Preguntado sobre la marcha de las negociaciones para extender el acuerdo, en medio de las tensiones avivadas por su guerra arancelaria, el republicano insistió en que, en lugar de déficits comerciales, deberían tener superávits con sus aliados comerciales.

“No necesitamos nada de lo que tiene Canadá, no necesitamos nada de lo que tiene México, pero ellos necesitan todo lo que tenemos nosotros, y tienen que tratarnos mejor (…) No necesitamos sus automóviles, no necesitamos su madera, no necesitamos su energía; no necesitamos nada de lo que ellos tienen”, indicó.

El actual tratado trilateral entre las naciones norteamericanas sustituyó al TLCAN y entró en vigor en 2020, estableciendo una revisión conjunta seis años después de su puesta en marcha.

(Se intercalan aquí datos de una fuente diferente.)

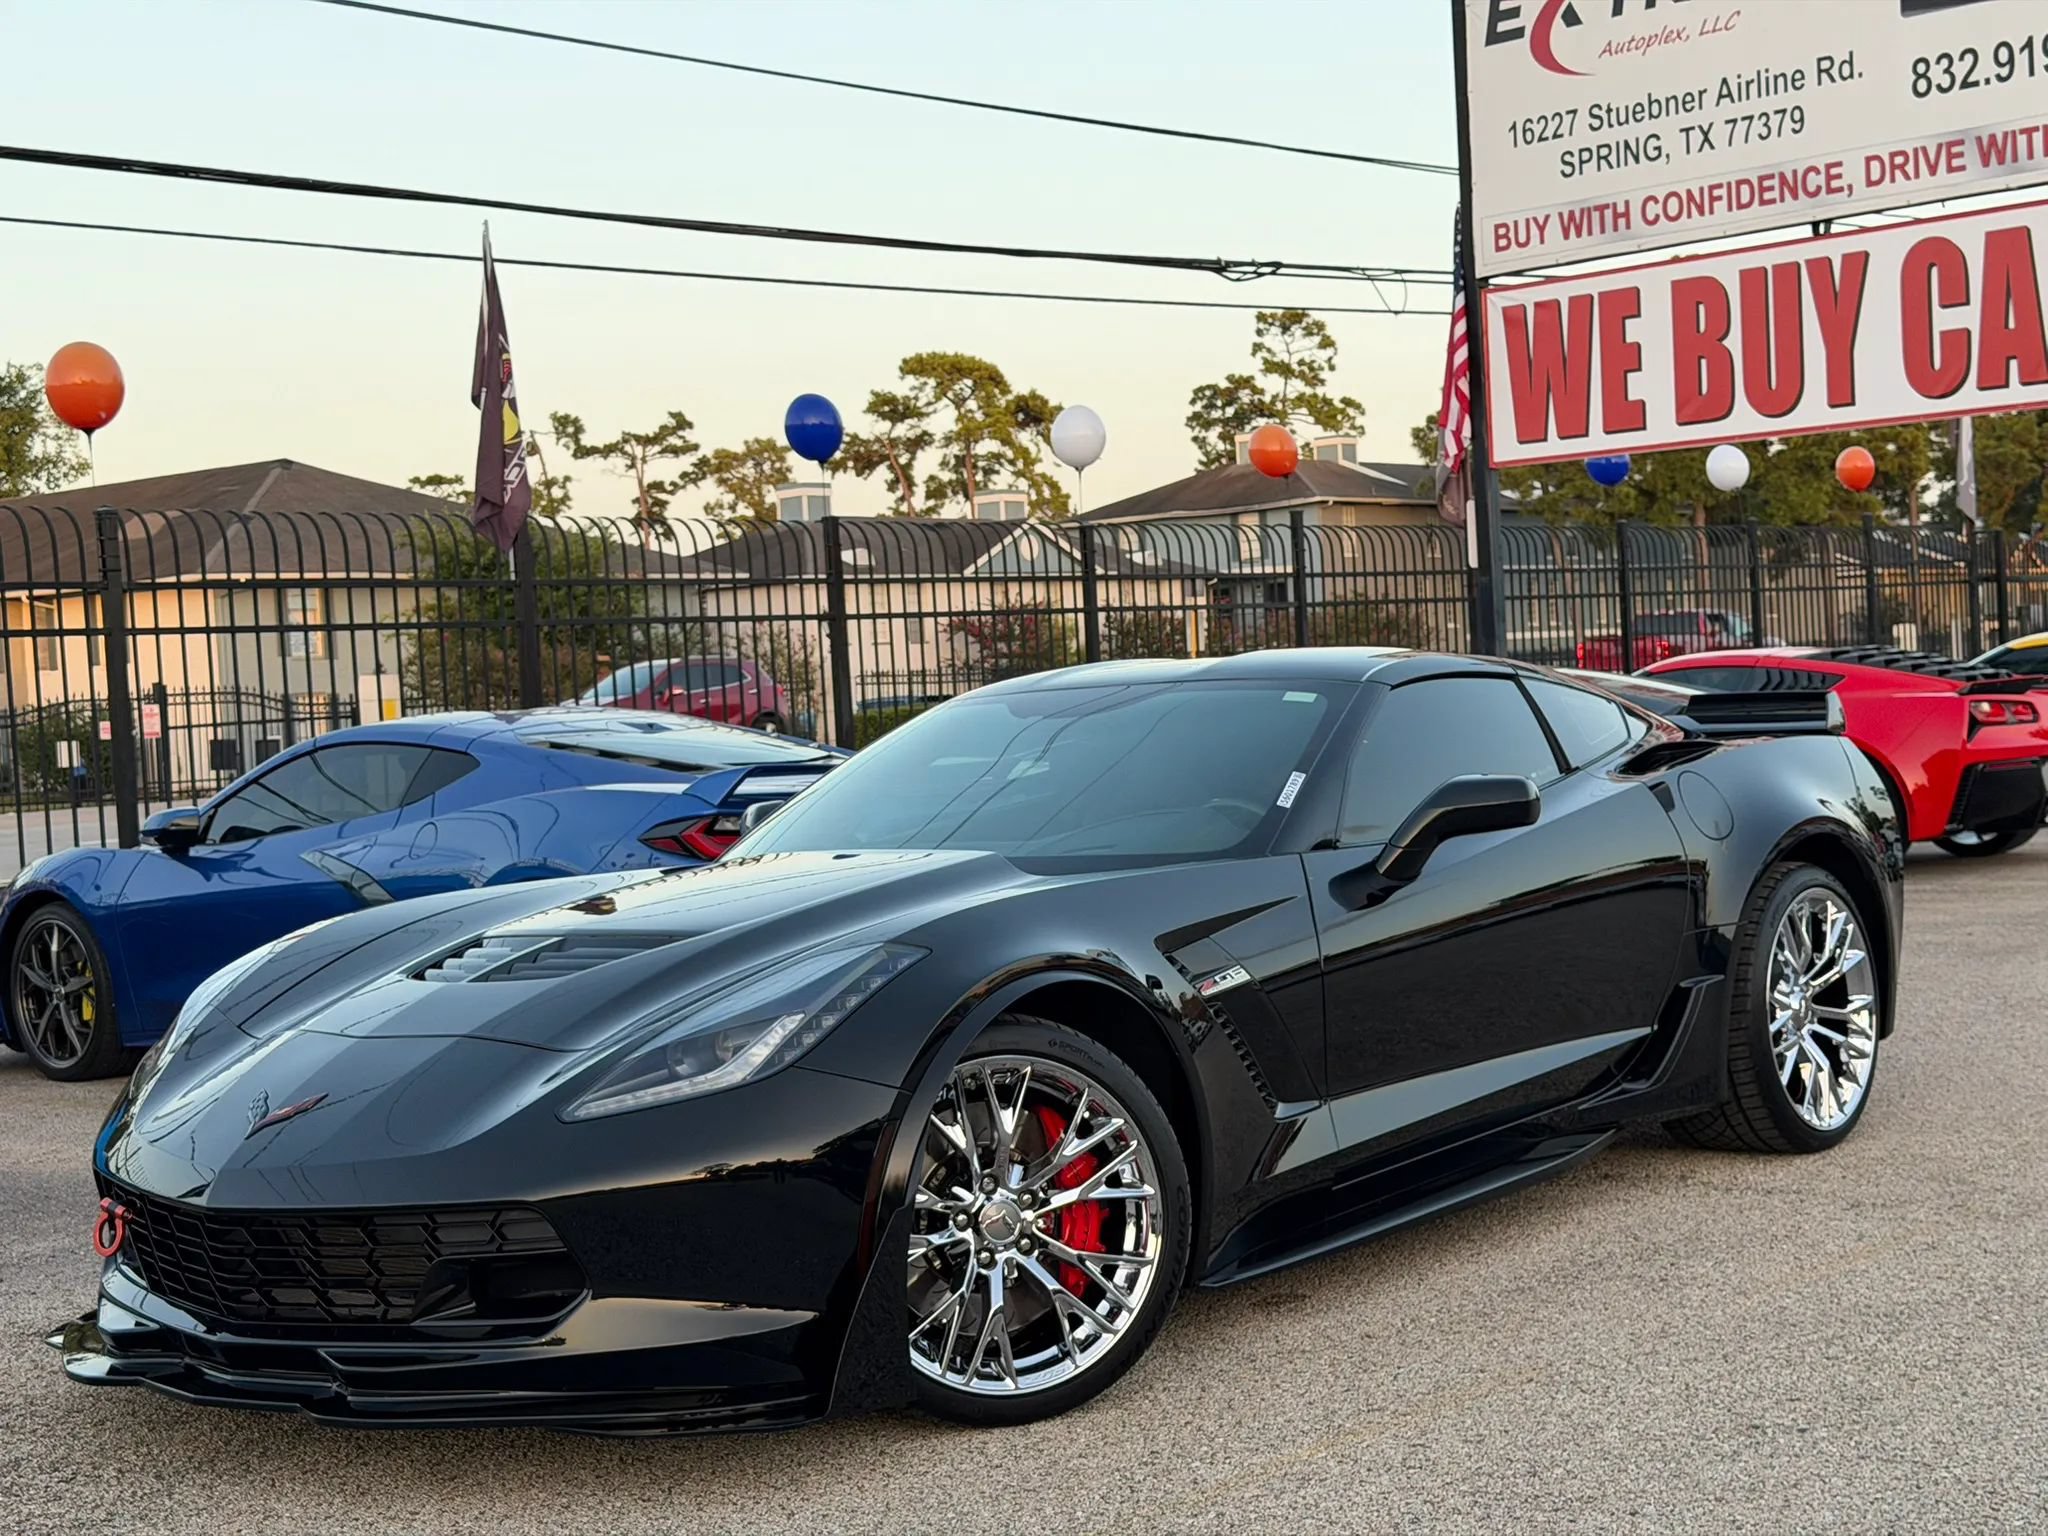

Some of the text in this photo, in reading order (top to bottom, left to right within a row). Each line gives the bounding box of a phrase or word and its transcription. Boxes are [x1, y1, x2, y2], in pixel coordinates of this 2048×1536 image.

Si los tres países acuerdan renovarlo antes del 1 de julio, el pacto se extendería automáticamente durante otros 16 años, algo que ya han pedido Canadá y México. En caso contrario, comenzaría un periodo de revisiones anuales durante una década antes de su posible expiración.

Trump advirtió este miércoles que la “razón principal” por la que aceptó el T-MEC fue porque el TLCAN, en vigor desde 1994 a 2020, “era el peor acuerdo comercial jamás firmado con diferencia” porque no incluía el “derecho a terminarlo”. Incluso se quejó que tenía “errores tipográficos”.

La administración del republicano ya ha iniciado conversaciones formales con México para revisar el acuerdo trilateral y aunque todavía no ha hecho lo mismo con Canadá, el ministro de comercio canadiense, Dominic LeBlanc, anunció la semana pasada que tuvo una reunión positiva con el representante comercial de Estados Unidos, Jamieson Greer.

Washington ha dado señales durante el último año y medio de que no quiere una simple renovación automática del tratado y busca modificaciones importantes, especialmente en sectores como el automóvil y el acceso al mercado lácteo canadiense.